*** Block opens ***

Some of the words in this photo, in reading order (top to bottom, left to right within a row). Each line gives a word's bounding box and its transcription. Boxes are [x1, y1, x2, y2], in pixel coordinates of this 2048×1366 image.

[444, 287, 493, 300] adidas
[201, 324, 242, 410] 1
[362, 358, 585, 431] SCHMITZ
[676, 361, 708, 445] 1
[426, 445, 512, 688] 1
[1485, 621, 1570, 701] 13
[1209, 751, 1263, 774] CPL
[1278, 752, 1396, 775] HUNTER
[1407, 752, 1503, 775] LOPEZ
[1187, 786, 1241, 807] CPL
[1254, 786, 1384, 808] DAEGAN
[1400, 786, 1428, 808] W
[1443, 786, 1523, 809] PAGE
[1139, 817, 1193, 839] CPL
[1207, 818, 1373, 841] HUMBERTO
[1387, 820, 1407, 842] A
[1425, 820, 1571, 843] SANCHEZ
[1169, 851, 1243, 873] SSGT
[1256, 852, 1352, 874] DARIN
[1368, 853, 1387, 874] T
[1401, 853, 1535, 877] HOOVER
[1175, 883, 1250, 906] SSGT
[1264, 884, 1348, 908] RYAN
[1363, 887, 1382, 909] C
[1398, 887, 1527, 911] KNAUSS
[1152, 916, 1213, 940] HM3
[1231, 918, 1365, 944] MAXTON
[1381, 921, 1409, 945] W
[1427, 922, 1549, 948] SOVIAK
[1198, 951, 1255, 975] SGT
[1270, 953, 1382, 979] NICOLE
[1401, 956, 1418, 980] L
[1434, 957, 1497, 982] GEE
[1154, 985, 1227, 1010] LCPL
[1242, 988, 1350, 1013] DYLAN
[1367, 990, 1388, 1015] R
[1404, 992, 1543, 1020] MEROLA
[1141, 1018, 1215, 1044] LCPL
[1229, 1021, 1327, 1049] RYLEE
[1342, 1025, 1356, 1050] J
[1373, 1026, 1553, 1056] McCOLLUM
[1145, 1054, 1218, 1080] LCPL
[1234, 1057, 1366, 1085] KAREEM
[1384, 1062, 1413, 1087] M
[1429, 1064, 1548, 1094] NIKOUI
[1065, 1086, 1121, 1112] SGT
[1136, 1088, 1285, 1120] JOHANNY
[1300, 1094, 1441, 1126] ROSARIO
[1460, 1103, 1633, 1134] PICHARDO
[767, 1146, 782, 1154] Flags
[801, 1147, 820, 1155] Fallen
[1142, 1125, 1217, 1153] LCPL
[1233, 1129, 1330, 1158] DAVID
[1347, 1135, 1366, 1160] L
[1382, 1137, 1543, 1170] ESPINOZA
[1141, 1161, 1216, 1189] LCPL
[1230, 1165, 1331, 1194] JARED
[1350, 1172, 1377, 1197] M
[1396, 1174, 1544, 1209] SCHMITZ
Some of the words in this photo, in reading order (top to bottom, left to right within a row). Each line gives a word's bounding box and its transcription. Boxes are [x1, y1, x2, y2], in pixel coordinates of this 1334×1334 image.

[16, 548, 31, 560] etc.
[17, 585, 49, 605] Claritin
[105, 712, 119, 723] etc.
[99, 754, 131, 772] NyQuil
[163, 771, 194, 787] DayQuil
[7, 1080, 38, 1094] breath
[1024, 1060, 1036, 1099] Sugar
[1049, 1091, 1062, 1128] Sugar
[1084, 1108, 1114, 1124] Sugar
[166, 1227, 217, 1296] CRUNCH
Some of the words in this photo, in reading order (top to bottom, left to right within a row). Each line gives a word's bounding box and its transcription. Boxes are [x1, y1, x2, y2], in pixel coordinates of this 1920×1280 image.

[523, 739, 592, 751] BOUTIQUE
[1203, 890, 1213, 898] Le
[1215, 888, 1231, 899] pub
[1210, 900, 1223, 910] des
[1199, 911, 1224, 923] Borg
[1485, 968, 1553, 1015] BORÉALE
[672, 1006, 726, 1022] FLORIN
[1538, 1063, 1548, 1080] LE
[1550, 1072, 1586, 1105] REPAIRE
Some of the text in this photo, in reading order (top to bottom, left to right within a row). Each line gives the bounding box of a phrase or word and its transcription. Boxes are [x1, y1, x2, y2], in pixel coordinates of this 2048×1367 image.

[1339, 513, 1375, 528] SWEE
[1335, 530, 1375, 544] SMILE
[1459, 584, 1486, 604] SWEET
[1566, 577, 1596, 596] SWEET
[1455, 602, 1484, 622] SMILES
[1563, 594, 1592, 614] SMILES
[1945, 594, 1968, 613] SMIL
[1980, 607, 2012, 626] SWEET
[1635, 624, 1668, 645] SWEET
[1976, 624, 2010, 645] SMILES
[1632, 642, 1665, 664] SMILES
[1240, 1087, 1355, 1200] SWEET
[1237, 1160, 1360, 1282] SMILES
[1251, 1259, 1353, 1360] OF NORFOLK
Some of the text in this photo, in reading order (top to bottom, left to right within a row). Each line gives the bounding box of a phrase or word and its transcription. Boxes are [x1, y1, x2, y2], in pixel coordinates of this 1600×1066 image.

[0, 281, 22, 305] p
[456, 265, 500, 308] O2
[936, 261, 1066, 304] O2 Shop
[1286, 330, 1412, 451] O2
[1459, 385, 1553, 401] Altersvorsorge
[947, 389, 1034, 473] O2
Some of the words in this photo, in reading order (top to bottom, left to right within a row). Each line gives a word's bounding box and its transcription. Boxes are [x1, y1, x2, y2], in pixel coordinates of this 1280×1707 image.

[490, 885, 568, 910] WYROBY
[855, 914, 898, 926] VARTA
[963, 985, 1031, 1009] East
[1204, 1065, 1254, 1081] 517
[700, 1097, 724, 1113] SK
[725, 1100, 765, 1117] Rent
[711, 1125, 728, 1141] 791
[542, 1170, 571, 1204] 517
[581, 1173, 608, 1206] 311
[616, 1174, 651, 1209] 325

*** Block closes ***

REQUIREMENT
Reproduce the full listing exactly.

YOUR SOLUTION
Some of the words in this photo, in reading order (top to bottom, left to right within a row). Each line gives a word's bounding box and its transcription. Boxes are [x1, y1, x2, y2], in pixel coordinates of this 2048×1366 image.

[444, 287, 493, 300] adidas
[201, 324, 242, 410] 1
[362, 358, 585, 431] SCHMITZ
[676, 361, 708, 445] 1
[426, 445, 512, 688] 1
[1485, 621, 1570, 701] 13
[1209, 751, 1263, 774] CPL
[1278, 752, 1396, 775] HUNTER
[1407, 752, 1503, 775] LOPEZ
[1187, 786, 1241, 807] CPL
[1254, 786, 1384, 808] DAEGAN
[1400, 786, 1428, 808] W
[1443, 786, 1523, 809] PAGE
[1139, 817, 1193, 839] CPL
[1207, 818, 1373, 841] HUMBERTO
[1387, 820, 1407, 842] A
[1425, 820, 1571, 843] SANCHEZ
[1169, 851, 1243, 873] SSGT
[1256, 852, 1352, 874] DARIN
[1368, 853, 1387, 874] T
[1401, 853, 1535, 877] HOOVER
[1175, 883, 1250, 906] SSGT
[1264, 884, 1348, 908] RYAN
[1363, 887, 1382, 909] C
[1398, 887, 1527, 911] KNAUSS
[1152, 916, 1213, 940] HM3
[1231, 918, 1365, 944] MAXTON
[1381, 921, 1409, 945] W
[1427, 922, 1549, 948] SOVIAK
[1198, 951, 1255, 975] SGT
[1270, 953, 1382, 979] NICOLE
[1401, 956, 1418, 980] L
[1434, 957, 1497, 982] GEE
[1154, 985, 1227, 1010] LCPL
[1242, 988, 1350, 1013] DYLAN
[1367, 990, 1388, 1015] R
[1404, 992, 1543, 1020] MEROLA
[1141, 1018, 1215, 1044] LCPL
[1229, 1021, 1327, 1049] RYLEE
[1342, 1025, 1356, 1050] J
[1373, 1026, 1553, 1056] McCOLLUM
[1145, 1054, 1218, 1080] LCPL
[1234, 1057, 1366, 1085] KAREEM
[1384, 1062, 1413, 1087] M
[1429, 1064, 1548, 1094] NIKOUI
[1065, 1086, 1121, 1112] SGT
[1136, 1088, 1285, 1120] JOHANNY
[1300, 1094, 1441, 1126] ROSARIO
[1460, 1103, 1633, 1134] PICHARDO
[767, 1146, 782, 1154] Flags
[801, 1147, 820, 1155] Fallen
[1142, 1125, 1217, 1153] LCPL
[1233, 1129, 1330, 1158] DAVID
[1347, 1135, 1366, 1160] L
[1382, 1137, 1543, 1170] ESPINOZA
[1141, 1161, 1216, 1189] LCPL
[1230, 1165, 1331, 1194] JARED
[1350, 1172, 1377, 1197] M
[1396, 1174, 1544, 1209] SCHMITZ
Some of the words in this photo, in reading order (top to bottom, left to right within a row). Each line gives a word's bounding box and its transcription. Boxes are [x1, y1, x2, y2], in pixel coordinates of this 1334×1334 image.

[16, 548, 31, 560] etc.
[17, 585, 49, 605] Claritin
[105, 712, 119, 723] etc.
[99, 754, 131, 772] NyQuil
[163, 771, 194, 787] DayQuil
[7, 1080, 38, 1094] breath
[1024, 1060, 1036, 1099] Sugar
[1049, 1091, 1062, 1128] Sugar
[1084, 1108, 1114, 1124] Sugar
[166, 1227, 217, 1296] CRUNCH
Some of the words in this photo, in reading order (top to bottom, left to right within a row). Each line gives a word's bounding box and its transcription. Boxes are [x1, y1, x2, y2], in pixel coordinates of this 1920×1280 image.

[523, 739, 592, 751] BOUTIQUE
[1203, 890, 1213, 898] Le
[1215, 888, 1231, 899] pub
[1210, 900, 1223, 910] des
[1199, 911, 1224, 923] Borg
[1485, 968, 1553, 1015] BORÉALE
[672, 1006, 726, 1022] FLORIN
[1538, 1063, 1548, 1080] LE
[1550, 1072, 1586, 1105] REPAIRE
Some of the text in this photo, in reading order (top to bottom, left to right within a row). Each line gives the bounding box of a phrase or word and its transcription. Boxes are [x1, y1, x2, y2], in pixel coordinates of this 2048×1367 image.

[1339, 513, 1375, 528] SWEE
[1335, 530, 1375, 544] SMILE
[1459, 584, 1486, 604] SWEET
[1566, 577, 1596, 596] SWEET
[1455, 602, 1484, 622] SMILES
[1563, 594, 1592, 614] SMILES
[1945, 594, 1968, 613] SMIL
[1980, 607, 2012, 626] SWEET
[1635, 624, 1668, 645] SWEET
[1976, 624, 2010, 645] SMILES
[1632, 642, 1665, 664] SMILES
[1240, 1087, 1355, 1200] SWEET
[1237, 1160, 1360, 1282] SMILES
[1251, 1259, 1353, 1360] OF NORFOLK
Some of the text in this photo, in reading order (top to bottom, left to right within a row). Each line gives the bounding box of a phrase or word and its transcription. Boxes are [x1, y1, x2, y2], in pixel coordinates of this 1600×1066 image.

[0, 281, 22, 305] p
[456, 265, 500, 308] O2
[936, 261, 1066, 304] O2 Shop
[1286, 330, 1412, 451] O2
[1459, 385, 1553, 401] Altersvorsorge
[947, 389, 1034, 473] O2
Some of the words in this photo, in reading order (top to bottom, left to right within a row). Each line gives a word's bounding box and its transcription. Boxes are [x1, y1, x2, y2], in pixel coordinates of this 1280×1707 image.

[490, 885, 568, 910] WYROBY
[855, 914, 898, 926] VARTA
[963, 985, 1031, 1009] East
[1204, 1065, 1254, 1081] 517
[700, 1097, 724, 1113] SK
[725, 1100, 765, 1117] Rent
[711, 1125, 728, 1141] 791
[542, 1170, 571, 1204] 517
[581, 1173, 608, 1206] 311
[616, 1174, 651, 1209] 325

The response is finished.